Les situations varient d’un canton à l’autre selon la présence ou non de cette pastorale dans les écoles et les institutions, selon les besoins et les demandes des personnes concernées.

« Notre ministère exige un certain rythme et beaucoup de moyens pédagogiques. Notre pastorale est un lieu d’écoute et de réconciliation », constate Marinette Maillard, aumônière en pastorale spécialisée dans le canton de Vaud.

Une présence importante

Dans le canton de Fribourg, la pastorale spécialisée est présente dans dix écoles pour la catéchèse, ce qui représente septante classes par semaine. L’équipe du COEPS anime vingt-huit groupes d’adultes répartis dans une dizaine d’institutions. « Nous rencontrons chaque mois environ mille personnes », précise Nathalie Jaccoud.

Dans le Jura pastoral, l’équipe intervient dans quatorze lieux, écoles et institutions d’adultes. Dans le canton de Genève, la pastorale spécialisée va dans sept institutions, essentiellement des lieux de vie pour adultes avec des handicaps divers et souvent associés. « Depuis trois ans, certains lieux ont fait le choix de ne plus nous accueillir. Nous n’allons par exemple plus dans des centres accueillant des enfants ou des jeunes polyhandicapés », regrette Anna Bernardo, responsable genevoise.

En pays de Vaud, cette pastorale est présente avec un bureau d’aumônerie dans quatre institutions et dans quelques petites écoles et institutions à la demande. A Neuchâtel, une grande institution gère la totalité de l’accompagnement des personnes en situation de handicap mental. L’équipe enseigne également la catéchèse dans deux institutions pour enfants et adolescents qui rencontrent des difficultés d’ordre scolaire, social et comportemental. « Nous intervenons selon les besoins dans environ dix à douze sites répartis dans le canton », note Pascale Auret-Berthoud, responsable de l’aumônerie œcuménique en institutions sociales dans le canton de Neuchâtel.

Dans le canton du Valais, les personnes engagées dans la pastorale spécialisée œuvrent dans neuf lieux différents regroupant cinq institutions.

Construire des ponts

Un des défis de la pastorale spécialisée est de continuer à œuvrer pour se faire connaître, pour dire au monde que vivre avec un handicap n’empêche en rien de vivre sa foi. Pour Nathalie Jaccoud, il est nécessaire de construire toujours davantage de ponts entre les paroisses et les institutions pour permettre au plus grand nombre de vivre la joie d’une rencontre avec le Christ. « Nous espérons réunir beaucoup de personnes lors de notre prochain rassemblement “Ensemble, c’est pas bête !” qui aura lieu le 29 septembre 2018 sur la place Python de Fribourg. Cet événement rassemblera le COEPS, Foi et Lumière, L’Arche Fribourg, et la Communauté des Sourds de Fribourg. »

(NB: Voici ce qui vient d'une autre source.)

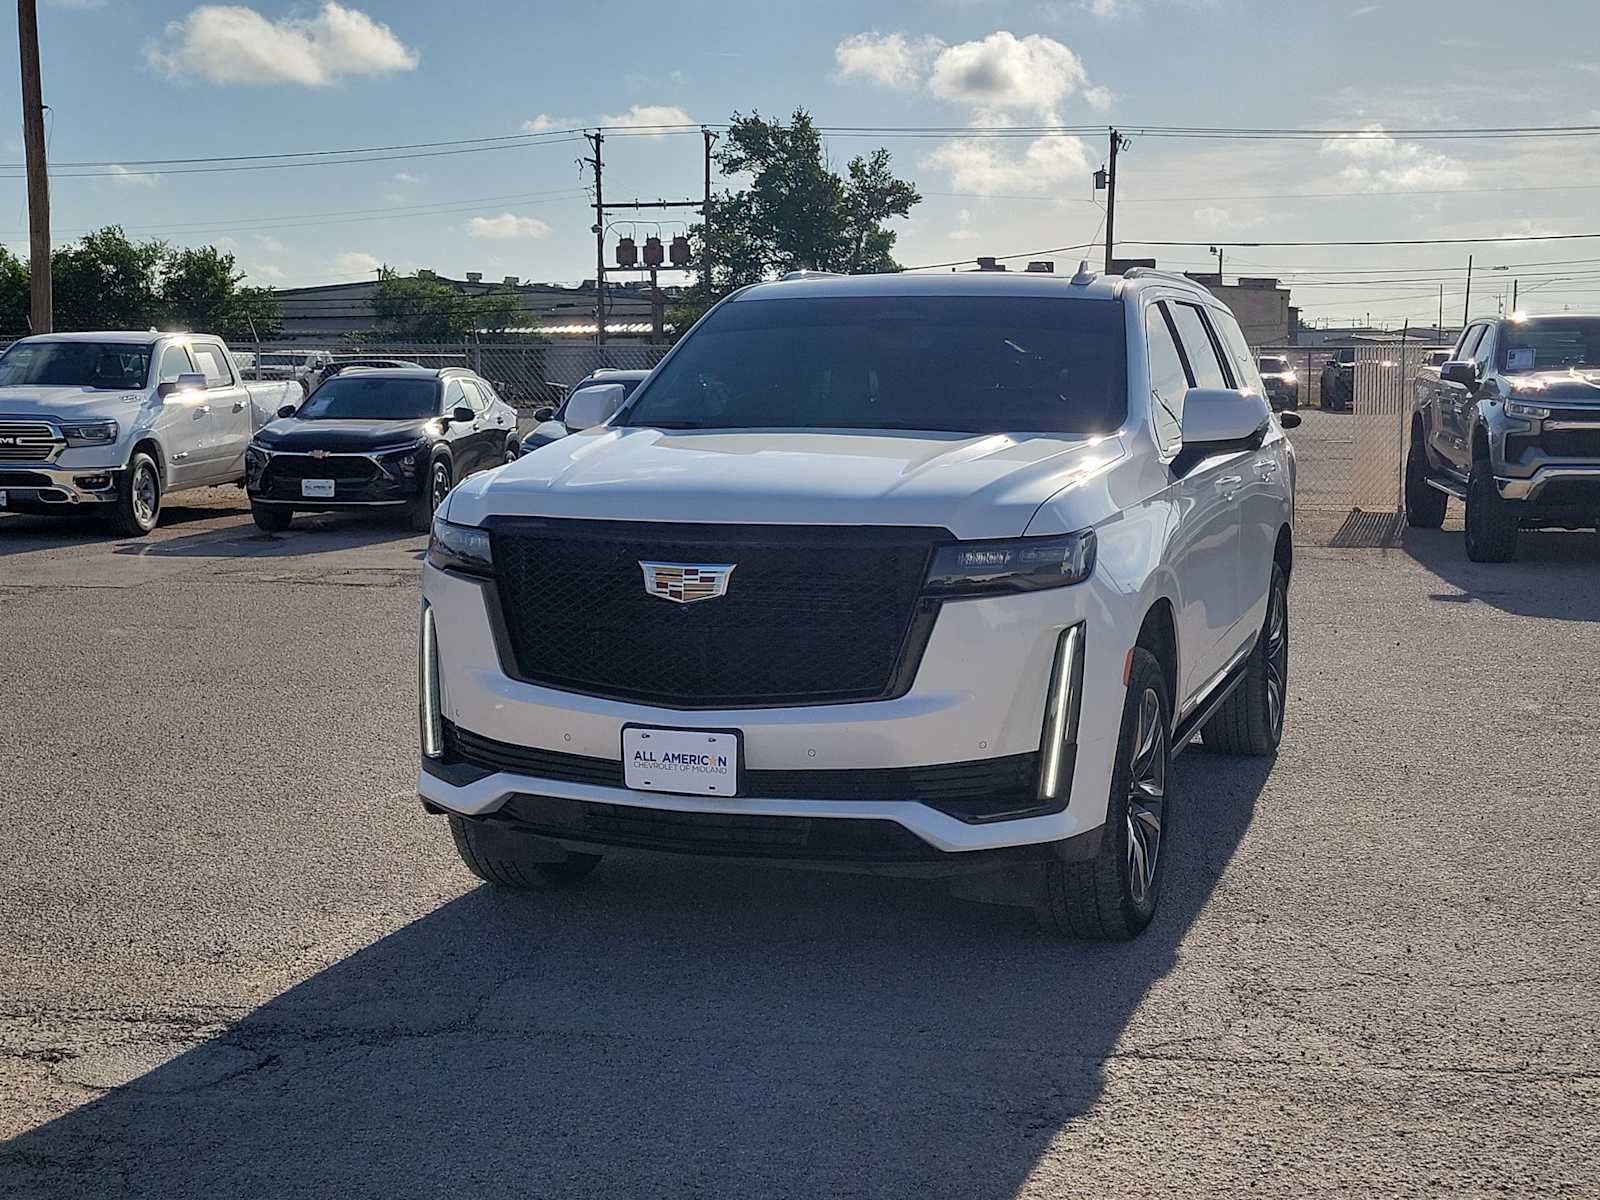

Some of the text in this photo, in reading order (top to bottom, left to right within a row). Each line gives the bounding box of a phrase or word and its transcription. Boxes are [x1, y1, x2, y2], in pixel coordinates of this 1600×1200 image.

[634, 751, 656, 762] ALL
[633, 761, 727, 775] CHEVROLET OF MIDLAND
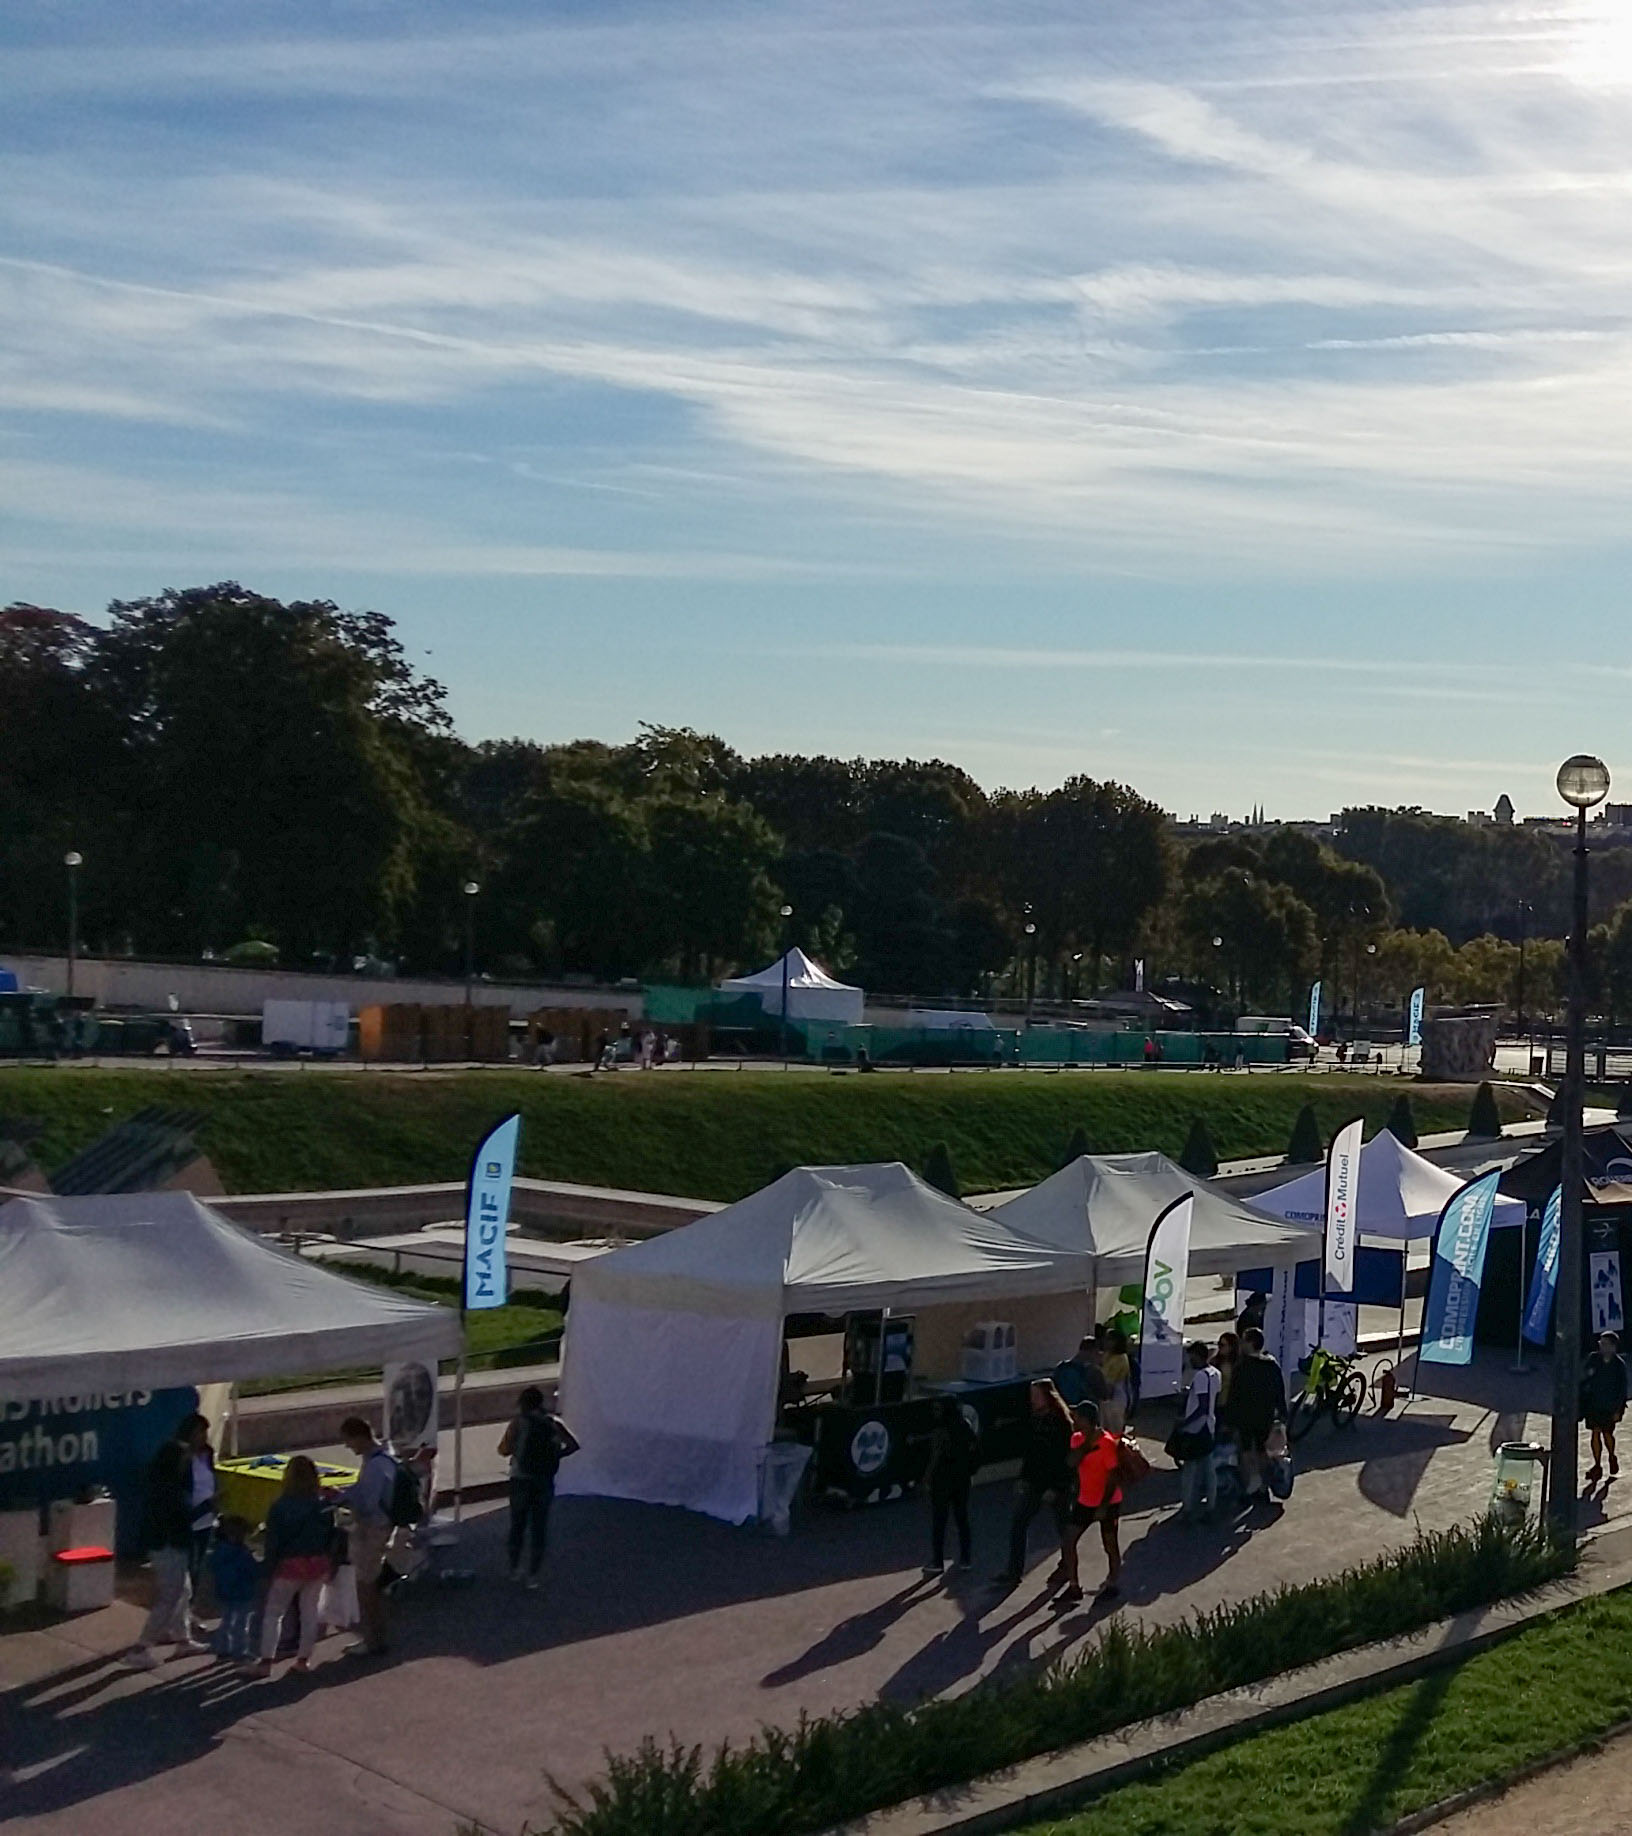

« Dans le canton de Genève, nous avons pris conscience que notre présence au sein des institutions n’était possible que grâce au bon vouloir des directeurs. Nous devons créer des liens avec des membres de la direction afin de les convaincre de l’importance de la spiritualité dans la vie des personnes en situation de handicap », relève Anna Bernardo.

Une équipe romande

Les responsables de la pastorale spécialisée en Suisse romande se retrouvent quatre fois par an. Ces rencontres leur permettent de partager les différentes problématiques liées aux handicaps et d’échanger des idées. L’équipe romande œcuménique de pastorale spécialisée organise chaque année une journée de formation pour les personnes engagées dans cette pastorale. Elle a également mis sur pied une plateforme informatique commune afin de pouvoir partager les différentes animations, les supports pédagogiques et les célébrations préparées spécialement pour les personnes qui vont en bénéficier.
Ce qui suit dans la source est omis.